May 8, 2018

How change happens

Care for Children training workshop
Care for Children training workshop

The challenge of changing a system that affects the lives of hundreds of thousands of children can feel overwhelming. But the progress China has made in the way they care for their orphaned and abandoned children proves that it is possible.

Every Care for Children project follows four key stages, which ensures sustainability, local ownership and impact, culminating in the government taking full ownership of the project.

Each project has a “Pilot” stage, where Care for Children will partner with one or two care institutions (orphanages), learning about their needs and developing a training curriculum. In China, we began this stage with the Shanghai Civil Affairs Bureau, and quickly replicated it with other orphanages around the country.

The second stage is the “National Roll-Out,” when we are able to scale up rapidly across a project area. Once we have secured buy-in from the top levels of government, our team of social work experts re-train staff from government-run orphanages as family placement workers.

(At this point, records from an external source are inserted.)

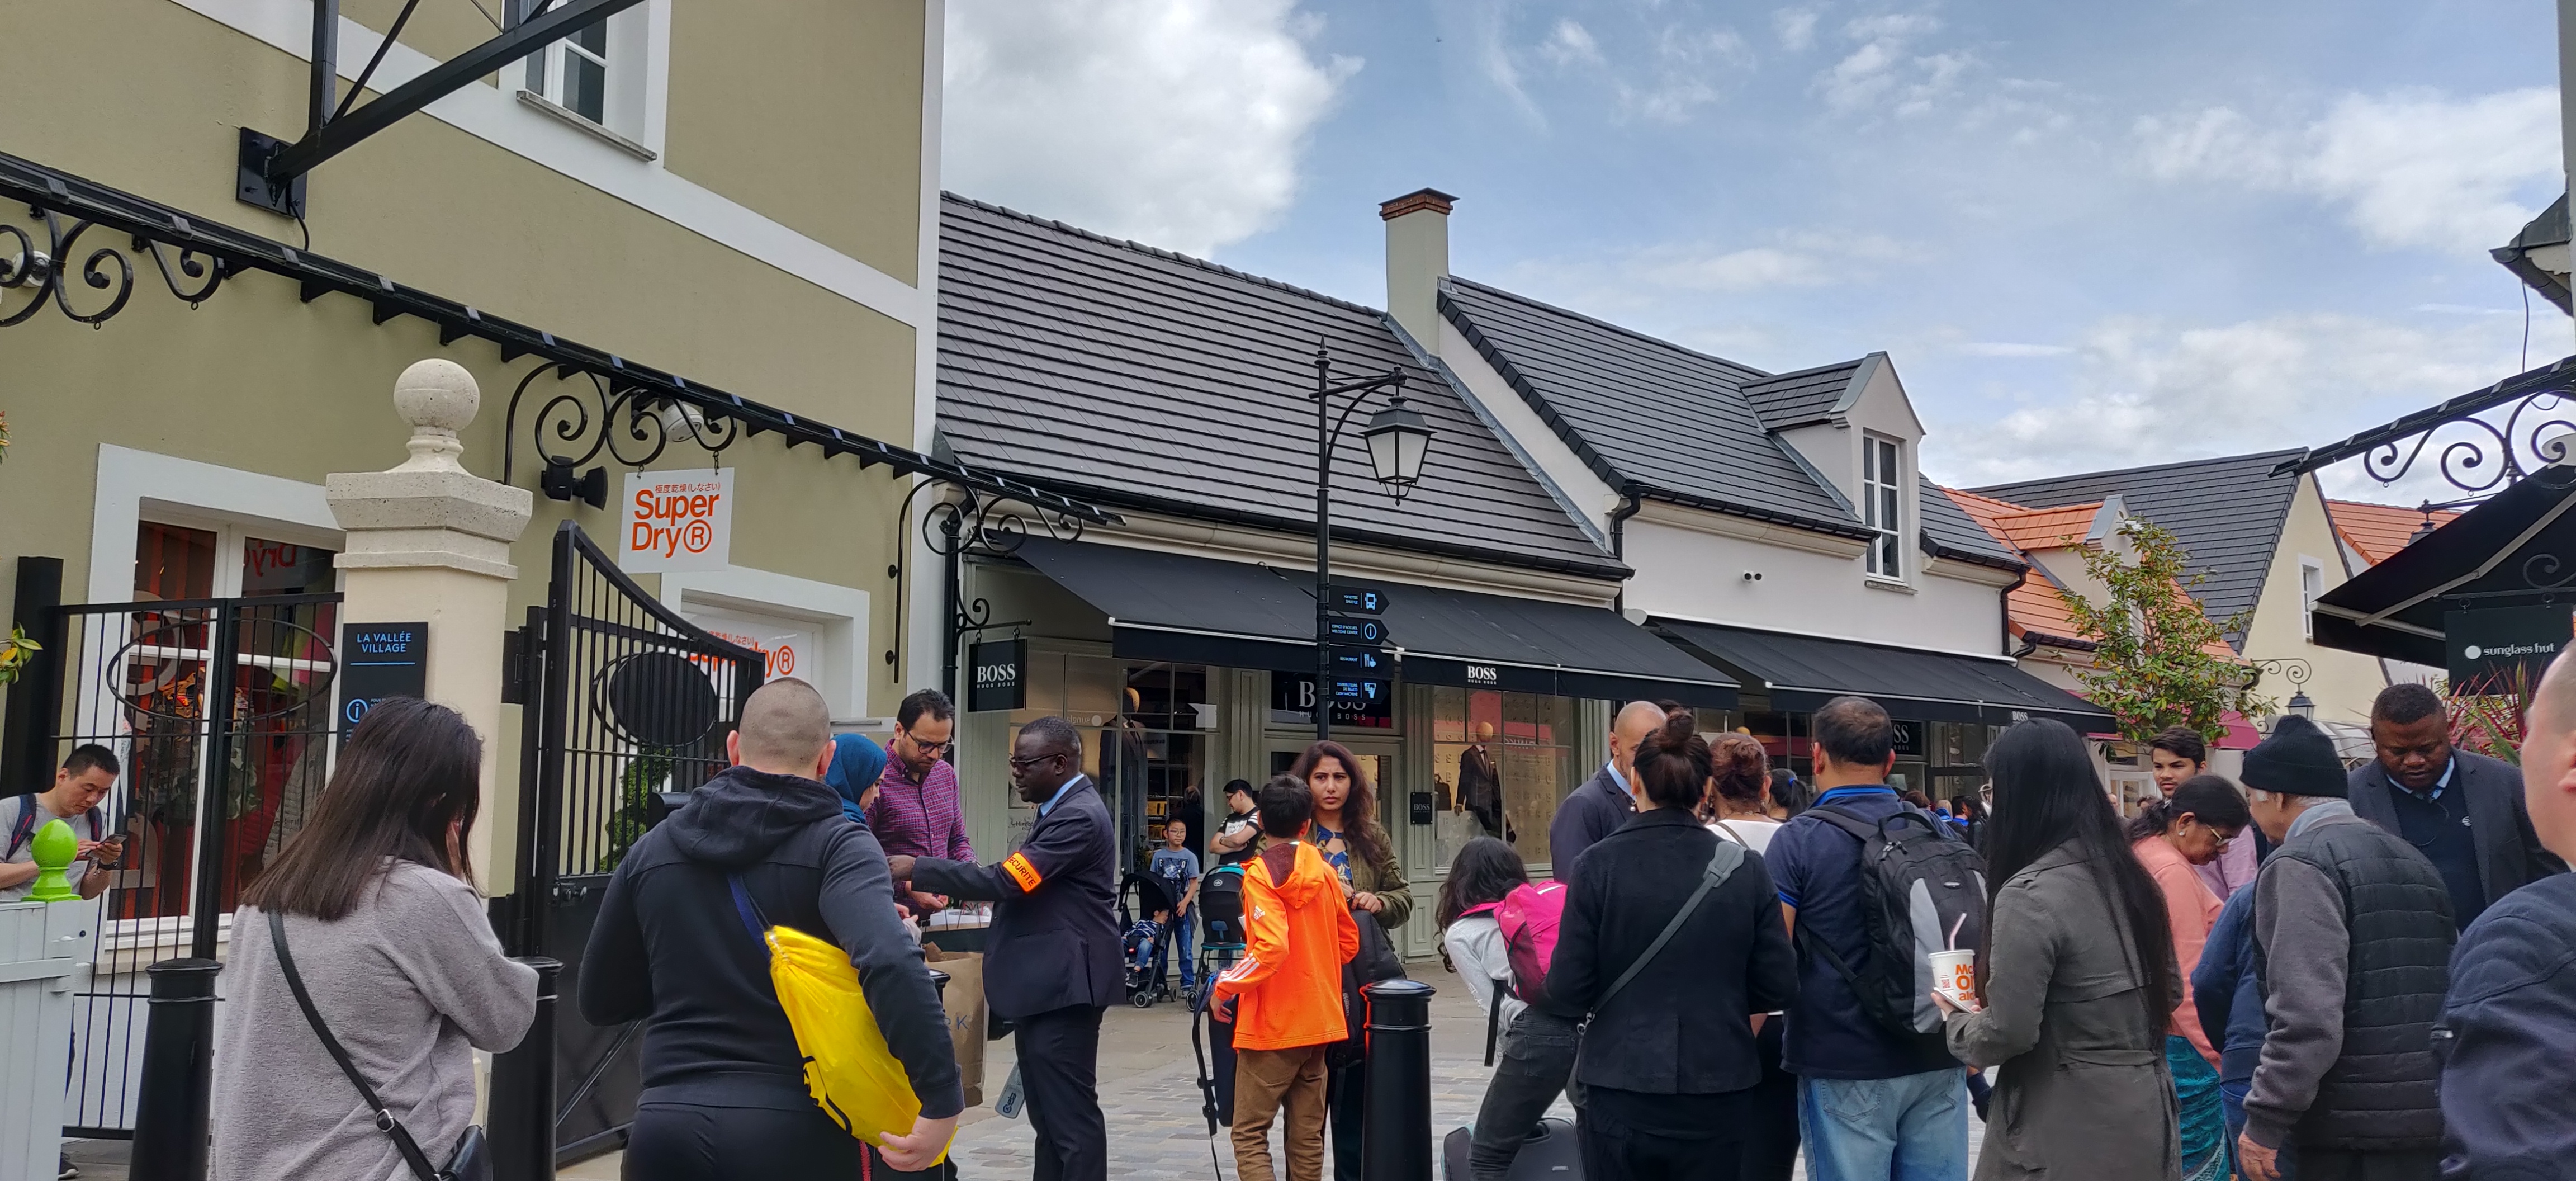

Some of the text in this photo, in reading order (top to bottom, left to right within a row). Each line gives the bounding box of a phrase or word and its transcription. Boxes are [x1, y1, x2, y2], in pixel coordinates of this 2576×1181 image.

[655, 482, 721, 494] 極度乾燥(しなさい)
[634, 489, 720, 526] Super
[357, 631, 411, 643] LA VALLÉE
[362, 643, 407, 653] VILLAGE
[2483, 643, 2556, 658] sunglass hut
[977, 663, 1016, 682] BOSS
[1467, 665, 1497, 680] BOSS
[2012, 711, 2029, 721] BOSS

We empower the staff to recruit, assess and train suitable foster families, as well as place, support and monitor children as they move from the orphanage into families for the long-term.

Our long-term goal is that Care for Children is no longer needed in our project areas. We spend the third stage of our projects “Preparing for Independence,” so that we can responsibly reach stage four, our “Exit” from the project areas.

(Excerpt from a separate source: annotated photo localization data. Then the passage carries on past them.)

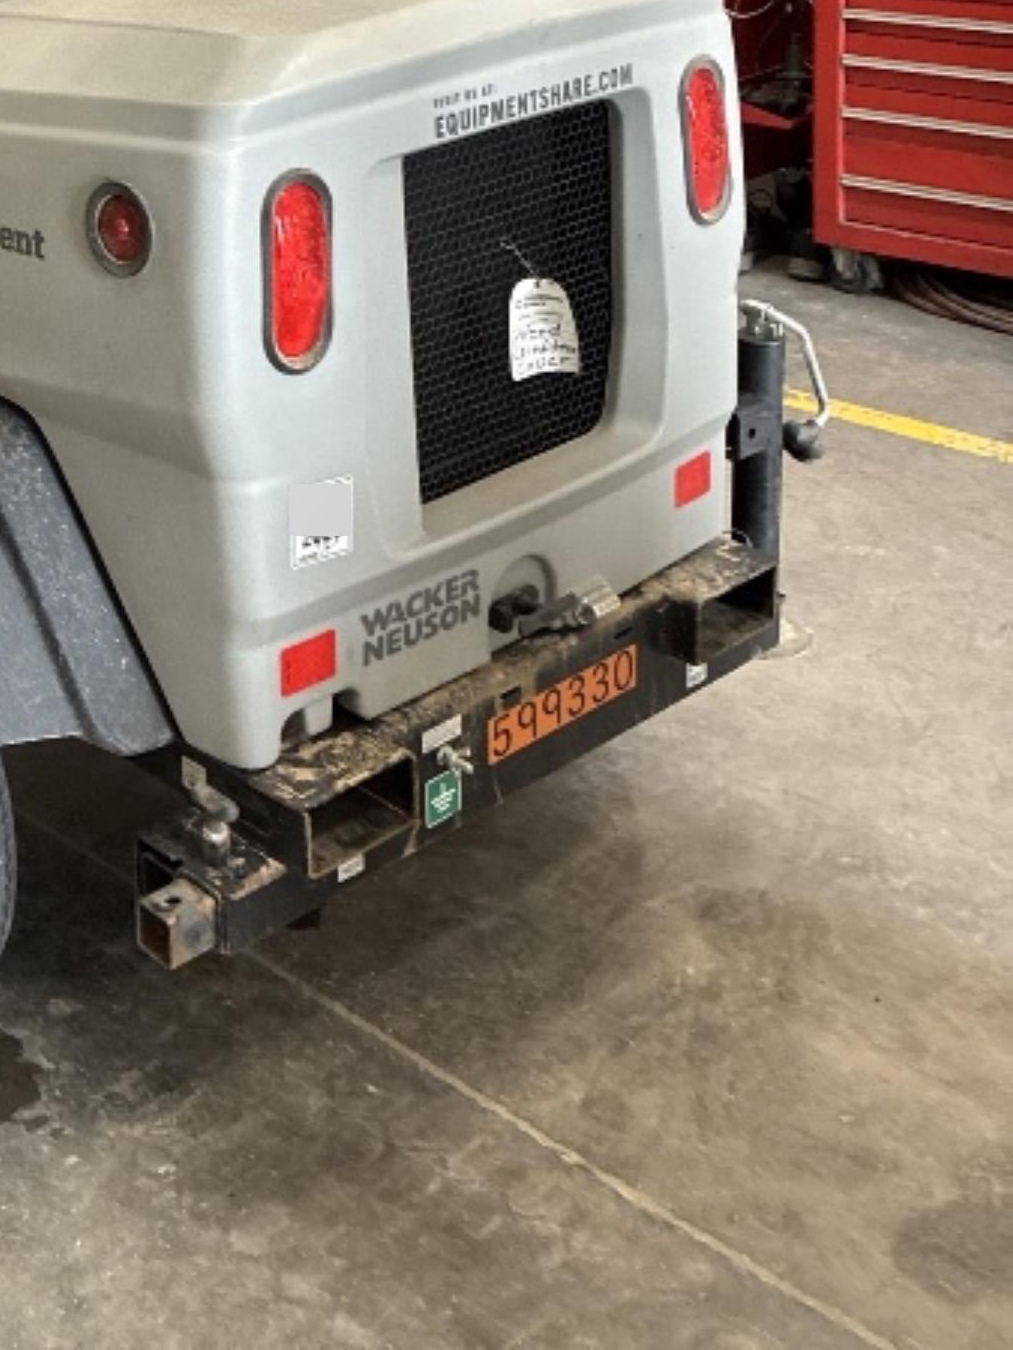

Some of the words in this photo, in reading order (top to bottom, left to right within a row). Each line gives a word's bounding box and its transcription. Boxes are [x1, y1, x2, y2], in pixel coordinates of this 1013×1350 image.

[433, 62, 633, 139] EQUIPMENTSHARE.COM
[359, 569, 480, 637] WACKER
[362, 592, 481, 667] NEUSON
[492, 650, 634, 757] 599330
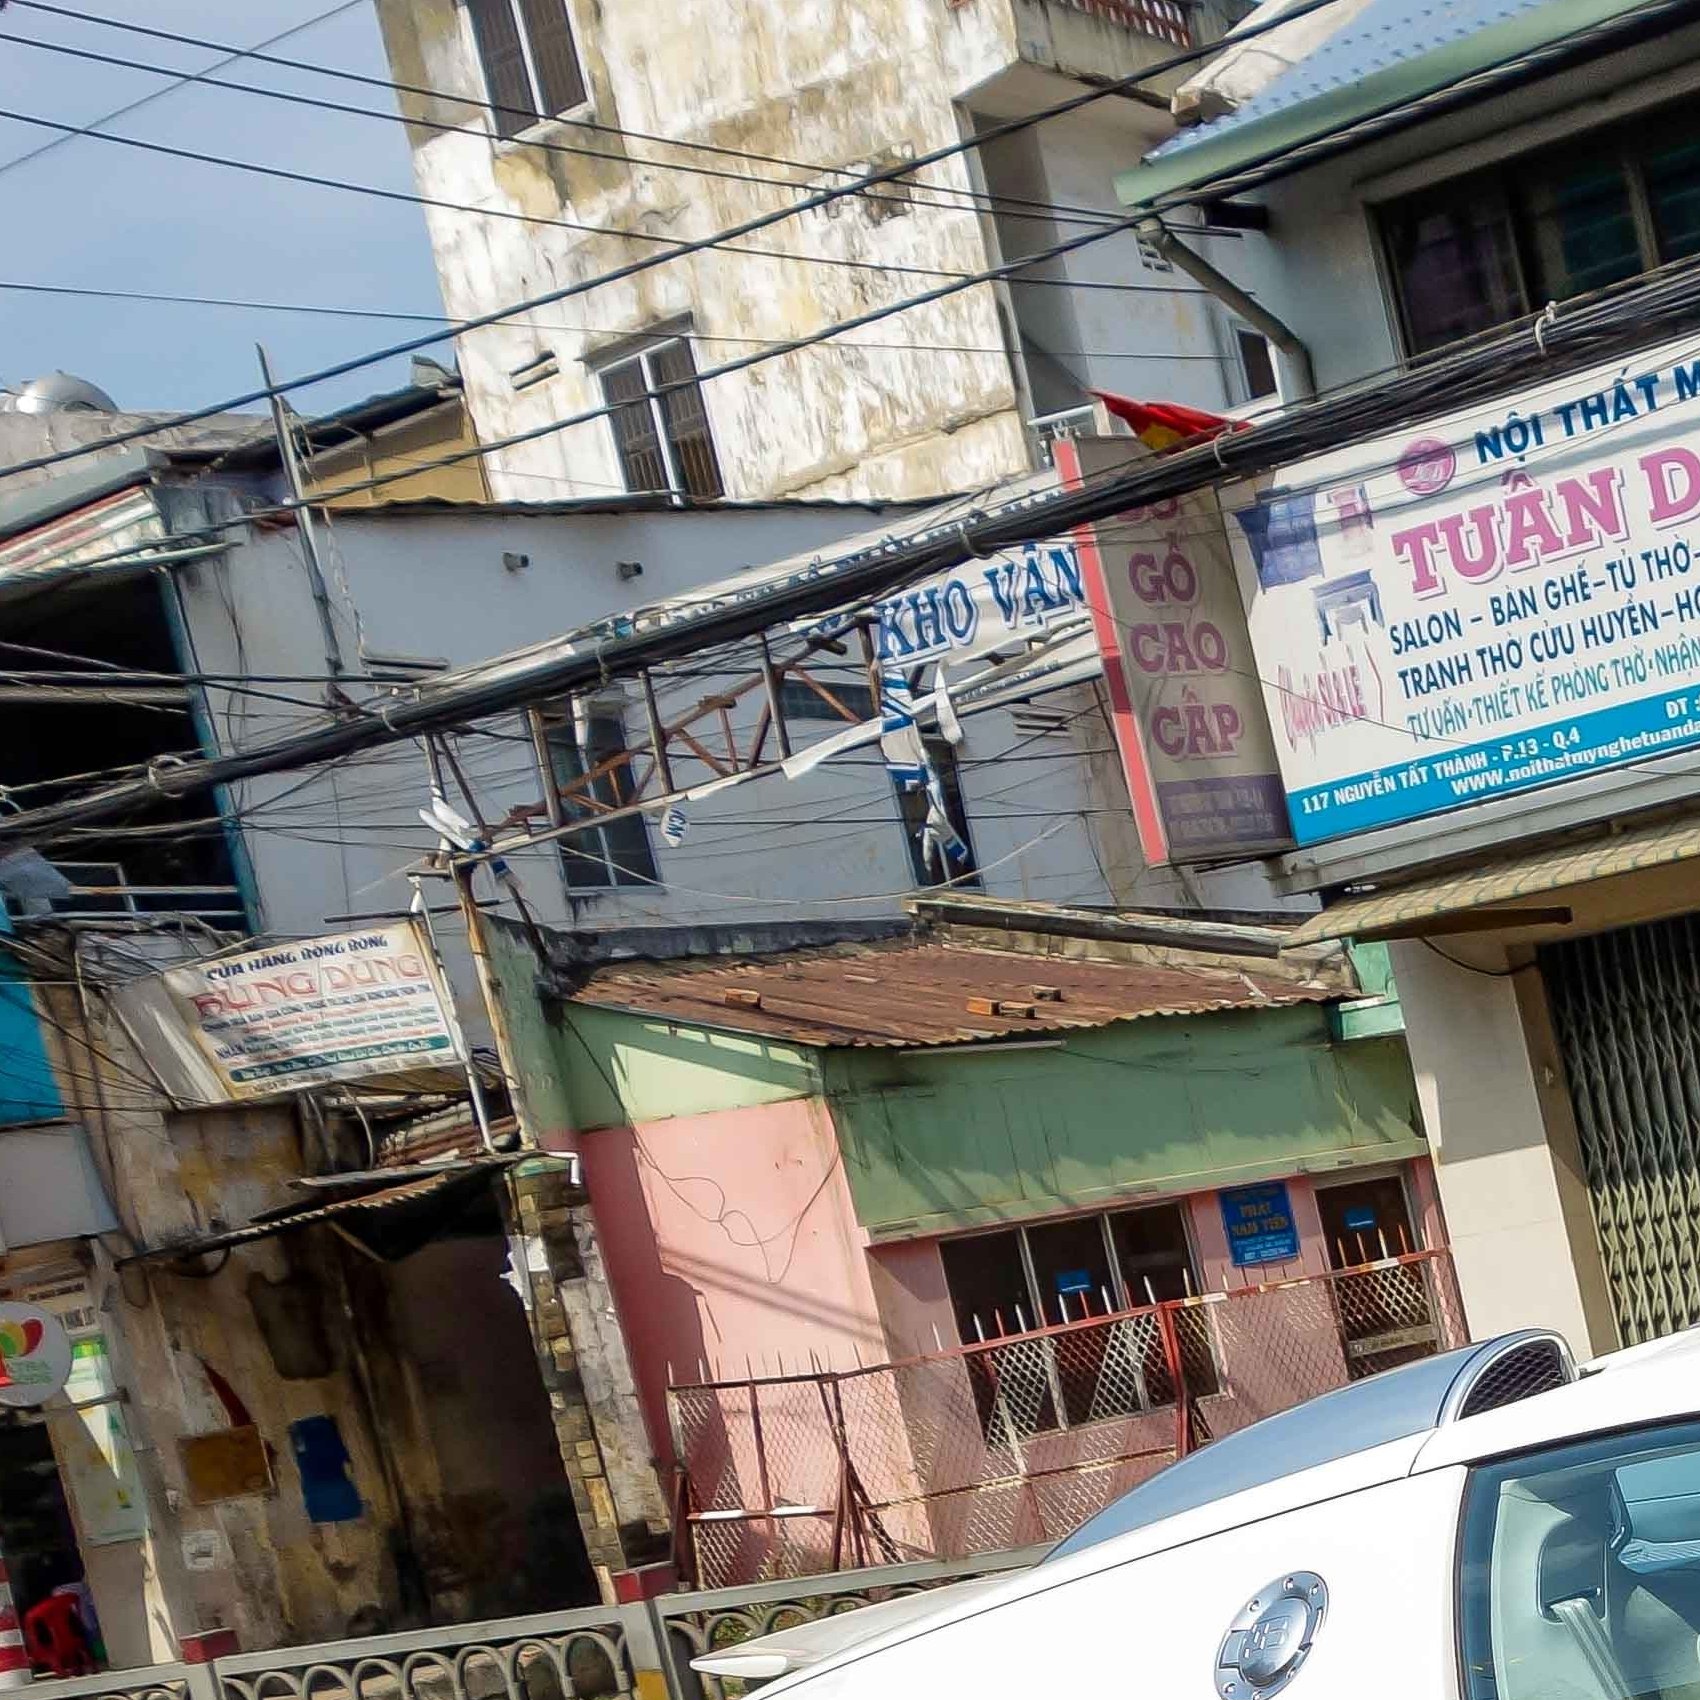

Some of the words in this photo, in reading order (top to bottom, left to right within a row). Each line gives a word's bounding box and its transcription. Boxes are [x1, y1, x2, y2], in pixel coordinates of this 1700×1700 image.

[1473, 412, 1545, 463] NỘI
[1555, 368, 1661, 438] THẤT
[874, 578, 977, 660] KHO
[1131, 620, 1227, 673] CAO
[1390, 607, 1463, 656] SALON
[1490, 585, 1539, 627] BÀN
[1398, 653, 1473, 700] TRANH
[1476, 631, 1523, 678] THỜ
[1529, 620, 1575, 663] CỬU
[1551, 661, 1610, 705] PHÒNG
[1302, 793, 1329, 814] 117
[1335, 769, 1397, 806] NGUYỄN
[1434, 750, 1489, 780] THÀNH
[1552, 726, 1581, 749] Q.4

China is too large for our team to train all orphanages, so, for stage three of this project, Care for Children is working to build the capacity of five strategically located orphanages across the country. The aim is to develop these sites into best practice examples of family placement and community-based care, as well as training hubs for their own regions. By the end of this stage, local experts at all five institutions will have the capacity to train, support and inspire other orphanages, gradually reducing reliance on Care for Children.

This model is sustainable because of the buy-in of local governments, institutions and individuals. In China, Care for Children has seen dedicated people step up across the country to make sure that the change we are seeing is going to affect Chinese children for decades to come.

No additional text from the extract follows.